AI Article Synopsis
- - This study investigates how combining transforming growth factor-beta3 (TGF-β3) and hyaluronic acid (HA) affects the chondrogenic differentiation of human mesenchymal stem cells (hMSCs).
- - hMSCs were grown on different surfaces, and after four weeks, various cartilage-specific markers were analyzed to assess differentiation.
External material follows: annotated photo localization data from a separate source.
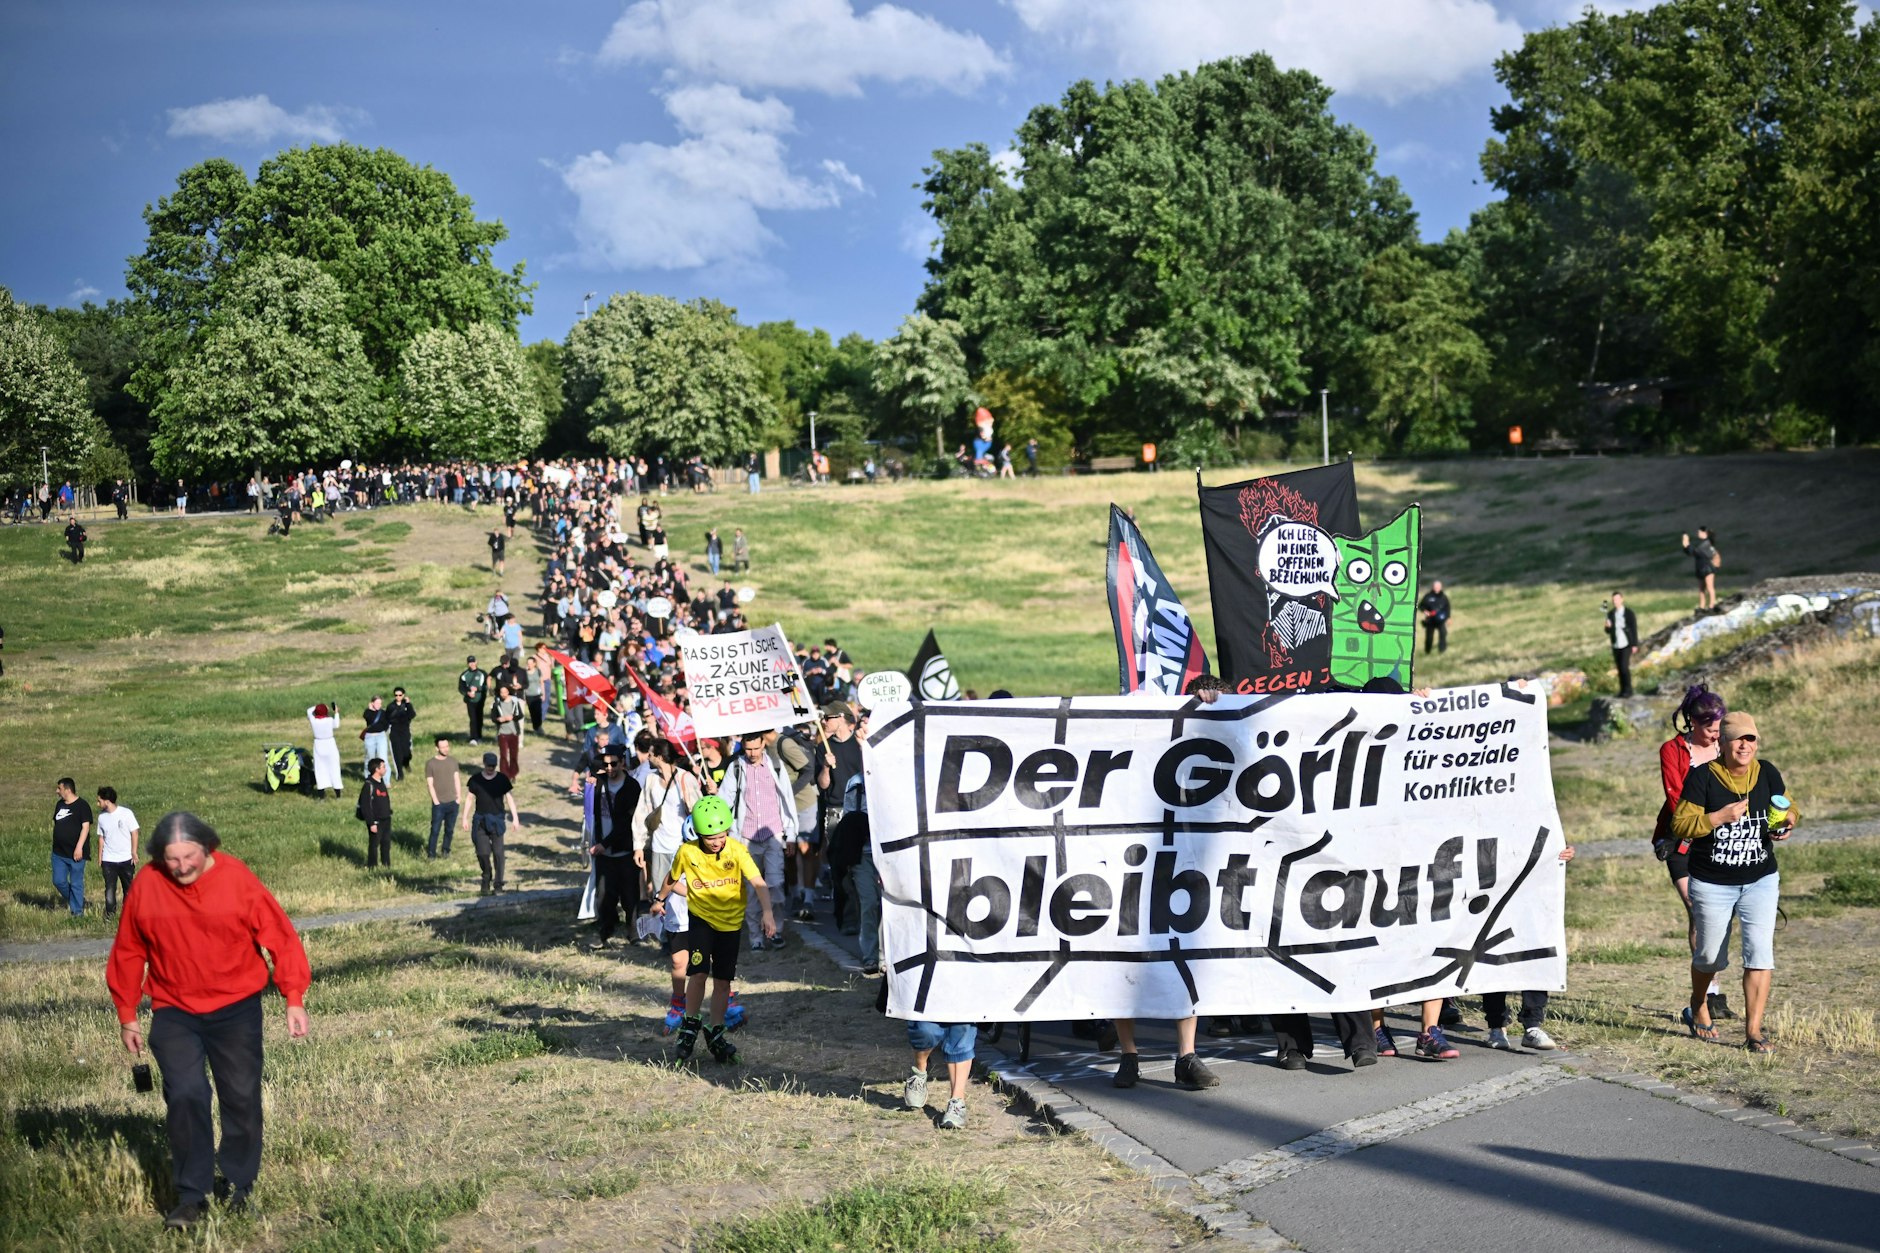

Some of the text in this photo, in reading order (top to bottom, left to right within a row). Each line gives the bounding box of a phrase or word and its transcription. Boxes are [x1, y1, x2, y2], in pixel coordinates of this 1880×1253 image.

[1278, 528, 1318, 542] ICH LEBE
[1277, 543, 1319, 556] IN EINER
[1277, 556, 1324, 570] OFFENEN
[1269, 568, 1330, 585] BEZIEHUNG
[683, 637, 779, 660] RASSISTISCHE
[710, 659, 769, 679] ZÄUNE
[694, 673, 791, 698] ZERSTÖREN
[872, 685, 903, 697] BLEIBT
[1237, 670, 1313, 695] GEGEN
[717, 694, 779, 716] LEBEN
[1410, 689, 1490, 715] soziale
[1407, 718, 1516, 744] Lösungen
[935, 723, 1399, 814] Der Görli
[1403, 744, 1520, 771] für soziale
[1404, 772, 1516, 802] Konflikte!
[1716, 825, 1761, 840] Görli
[945, 836, 1498, 941] bleibt auf!
- - Results indicated that using HA-coated dishes along with TGF-β3 led to a significant increase in key cartilage markers, suggesting that both the cell-adhesion surface and the growth factor work together to enhance stem cell differentiation.
Article Abstract
This study was designed to evaluate the additive effects of transforming growth factor-beta3 (TGF-β3) and hyaluronic acid (HA) on chondrogenic differentiation of human mesenchymal stem cells (hMSCs). The hMSCs were cultured on collagen type I-, HA-, or fibronectin-coated cell culture dishes with or without TGF-β3 added to the culture medium. Four weeks after cell culture, chondrogenic differentiation of hMSCs was determined by evaluating the expression of cartilage-specific markers using real-time polymerase chain reaction, immunocytochemistry, and Western blot analysis. hMSCs cultured on HA-coated dishes with TGF-β3 supplementation revealed a prominent increase in collagen type II, aggrecan, and Sox9. When hMSCs were cultured without TGF-β3 supplementation, only hMSCs cultured on HA-coated dishes showed prominent expression of the cartilage-specific markers. This study shows that chondrogenic differentiation of hMSCs can be enhanced additively by interactions with both a specific cell-adhesion matrix and a soluble growth factor.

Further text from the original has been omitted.